After years of negotiations, whatever deal emerges would then have to go through Congress, where lobbyists will pick through it line by line, slowing it down and fighting to protect their own interests. Theresa May’s refusal to rule out opening up our NHS to competition, something American pharmaceutical companies will be clamoring for, should have set alarm bells ringing.

Trump sees international trade as a game of winner-takes-all. It is a great irony that the free trade fantasists driving the government’s Brexit policy have now placed all their eggs in the basket of the most protectionist US president of modern times – a man who far from signing free trade agreements has set about dismantling them, from the Trans-Pacific Partnership to NAFTA.

To compound matters, the government’s courting of him has weakened our negotiating position in Brussels. Boris Johnson’s jibe last year that EU leaders should “snap out of their collective whinge-o-rama” over Trump got things off to a bad start. And when Theresa May invited the President for a state visit to the UK just days after he came to office, and repeatedly refusing to condemn the President’s disgraceful travel ban, she demeaned herself and weakened her standing in Europe.

So when Emmanuel Macron later said “Britain is becoming a vassal state… the junior partner of the United States”, he did not intend it as a compliment (though that is no doubt how the likes of Fox and Johnson interpreted it).

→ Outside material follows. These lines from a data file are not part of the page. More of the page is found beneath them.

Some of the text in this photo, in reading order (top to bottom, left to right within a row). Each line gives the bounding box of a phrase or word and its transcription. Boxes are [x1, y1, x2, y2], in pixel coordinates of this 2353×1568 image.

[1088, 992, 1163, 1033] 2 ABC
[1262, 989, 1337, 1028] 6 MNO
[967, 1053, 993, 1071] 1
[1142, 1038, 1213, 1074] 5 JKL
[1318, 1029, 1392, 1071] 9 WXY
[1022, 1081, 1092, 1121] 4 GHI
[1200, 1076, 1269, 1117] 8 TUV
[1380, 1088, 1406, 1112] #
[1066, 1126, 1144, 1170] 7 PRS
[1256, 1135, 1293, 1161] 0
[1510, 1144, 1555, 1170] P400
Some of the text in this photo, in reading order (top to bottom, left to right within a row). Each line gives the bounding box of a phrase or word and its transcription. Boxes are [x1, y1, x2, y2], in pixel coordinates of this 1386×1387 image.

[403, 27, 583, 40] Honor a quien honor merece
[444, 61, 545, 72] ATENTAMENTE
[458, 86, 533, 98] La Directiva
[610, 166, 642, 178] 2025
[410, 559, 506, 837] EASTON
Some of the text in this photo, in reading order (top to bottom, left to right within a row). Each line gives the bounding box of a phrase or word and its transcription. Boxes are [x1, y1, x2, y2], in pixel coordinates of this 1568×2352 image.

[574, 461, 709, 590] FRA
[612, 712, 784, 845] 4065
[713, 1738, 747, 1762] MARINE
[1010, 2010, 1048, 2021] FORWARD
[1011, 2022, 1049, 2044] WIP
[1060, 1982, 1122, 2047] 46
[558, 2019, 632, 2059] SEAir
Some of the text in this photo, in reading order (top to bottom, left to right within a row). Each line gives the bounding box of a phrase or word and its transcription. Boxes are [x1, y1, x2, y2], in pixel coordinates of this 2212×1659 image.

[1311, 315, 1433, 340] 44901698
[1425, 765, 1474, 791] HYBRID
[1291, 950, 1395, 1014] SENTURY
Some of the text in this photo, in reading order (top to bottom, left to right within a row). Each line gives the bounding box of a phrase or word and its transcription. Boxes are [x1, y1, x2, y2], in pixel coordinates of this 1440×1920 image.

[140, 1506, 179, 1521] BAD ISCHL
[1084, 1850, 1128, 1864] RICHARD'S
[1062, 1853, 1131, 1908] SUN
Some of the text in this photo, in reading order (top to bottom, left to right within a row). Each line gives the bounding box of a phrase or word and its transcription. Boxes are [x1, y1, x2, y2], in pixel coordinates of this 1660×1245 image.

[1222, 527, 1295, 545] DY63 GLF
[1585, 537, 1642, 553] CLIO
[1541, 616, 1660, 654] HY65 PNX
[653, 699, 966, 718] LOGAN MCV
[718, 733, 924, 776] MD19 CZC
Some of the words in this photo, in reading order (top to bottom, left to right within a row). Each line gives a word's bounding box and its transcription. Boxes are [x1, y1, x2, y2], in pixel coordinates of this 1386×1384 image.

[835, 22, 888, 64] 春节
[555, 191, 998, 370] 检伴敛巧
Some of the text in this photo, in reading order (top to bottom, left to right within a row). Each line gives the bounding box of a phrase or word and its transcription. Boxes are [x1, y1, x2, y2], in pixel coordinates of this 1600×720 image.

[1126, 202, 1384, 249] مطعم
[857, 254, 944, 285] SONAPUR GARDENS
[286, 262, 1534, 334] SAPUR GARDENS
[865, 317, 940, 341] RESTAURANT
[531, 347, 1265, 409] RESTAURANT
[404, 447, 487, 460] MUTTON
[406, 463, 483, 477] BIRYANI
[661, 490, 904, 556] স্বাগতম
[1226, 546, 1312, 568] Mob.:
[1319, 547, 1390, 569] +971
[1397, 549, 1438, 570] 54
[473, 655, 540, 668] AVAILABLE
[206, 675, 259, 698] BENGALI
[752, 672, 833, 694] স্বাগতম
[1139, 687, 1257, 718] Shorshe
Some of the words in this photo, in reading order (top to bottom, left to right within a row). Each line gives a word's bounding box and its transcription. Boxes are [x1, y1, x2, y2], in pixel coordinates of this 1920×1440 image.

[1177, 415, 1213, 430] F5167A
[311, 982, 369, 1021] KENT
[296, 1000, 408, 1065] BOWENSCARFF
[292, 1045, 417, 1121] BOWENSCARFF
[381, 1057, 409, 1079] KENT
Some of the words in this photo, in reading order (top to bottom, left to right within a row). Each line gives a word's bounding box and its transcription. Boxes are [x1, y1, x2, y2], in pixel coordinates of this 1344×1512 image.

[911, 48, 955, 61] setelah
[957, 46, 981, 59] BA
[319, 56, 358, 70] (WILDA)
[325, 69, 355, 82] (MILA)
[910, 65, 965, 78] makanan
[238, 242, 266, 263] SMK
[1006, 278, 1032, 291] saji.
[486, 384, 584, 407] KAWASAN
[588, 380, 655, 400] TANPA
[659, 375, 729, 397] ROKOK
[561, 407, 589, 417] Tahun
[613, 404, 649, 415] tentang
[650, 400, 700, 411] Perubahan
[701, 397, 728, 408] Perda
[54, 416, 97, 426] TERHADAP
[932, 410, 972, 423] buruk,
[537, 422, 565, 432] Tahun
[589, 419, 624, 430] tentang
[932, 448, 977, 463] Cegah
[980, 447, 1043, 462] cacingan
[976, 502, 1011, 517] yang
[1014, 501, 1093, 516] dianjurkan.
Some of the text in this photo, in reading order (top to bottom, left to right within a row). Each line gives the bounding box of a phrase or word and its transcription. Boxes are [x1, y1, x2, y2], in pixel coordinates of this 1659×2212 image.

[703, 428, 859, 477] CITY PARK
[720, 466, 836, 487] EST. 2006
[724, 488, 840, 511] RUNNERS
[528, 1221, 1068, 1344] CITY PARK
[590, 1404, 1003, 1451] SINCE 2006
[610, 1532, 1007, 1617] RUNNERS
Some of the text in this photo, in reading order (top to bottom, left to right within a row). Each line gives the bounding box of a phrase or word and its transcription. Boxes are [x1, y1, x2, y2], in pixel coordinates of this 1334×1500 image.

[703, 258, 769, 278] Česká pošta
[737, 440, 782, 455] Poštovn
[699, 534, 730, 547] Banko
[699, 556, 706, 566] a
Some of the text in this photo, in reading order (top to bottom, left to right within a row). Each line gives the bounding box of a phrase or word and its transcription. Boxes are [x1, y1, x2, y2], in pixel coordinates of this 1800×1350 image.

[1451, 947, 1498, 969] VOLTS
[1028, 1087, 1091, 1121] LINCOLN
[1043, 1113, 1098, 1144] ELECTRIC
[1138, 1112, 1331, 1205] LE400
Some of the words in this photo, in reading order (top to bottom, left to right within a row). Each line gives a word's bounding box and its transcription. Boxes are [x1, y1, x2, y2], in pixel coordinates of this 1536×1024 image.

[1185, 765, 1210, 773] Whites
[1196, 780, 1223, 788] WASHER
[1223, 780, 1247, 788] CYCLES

And when Michel Barnier expressed concern recently that Britain is flirting with “less environmental, sanitary, food but also probably financial, taxation and social regulation” he was making an important point. Britain cannot have two mutually incompatible sets of standards.

Few believed they were voting back in June 2016 for lower standards. And nobody voted for us to ally ourselves with a US President who supports far-right movements and attacks the British Prime Minister for daring to express disapproval. It is clear that that the offer of a state visit should be withdrawn

But assuming Trump visits Britain on a “working visit” early next year, as currently planned, how will we respond? It is clear that we now face an era-defining choice, between a future hand in hand with Trump, or a genuinely “special relationship” with our European friends. It is not too late for us to change course.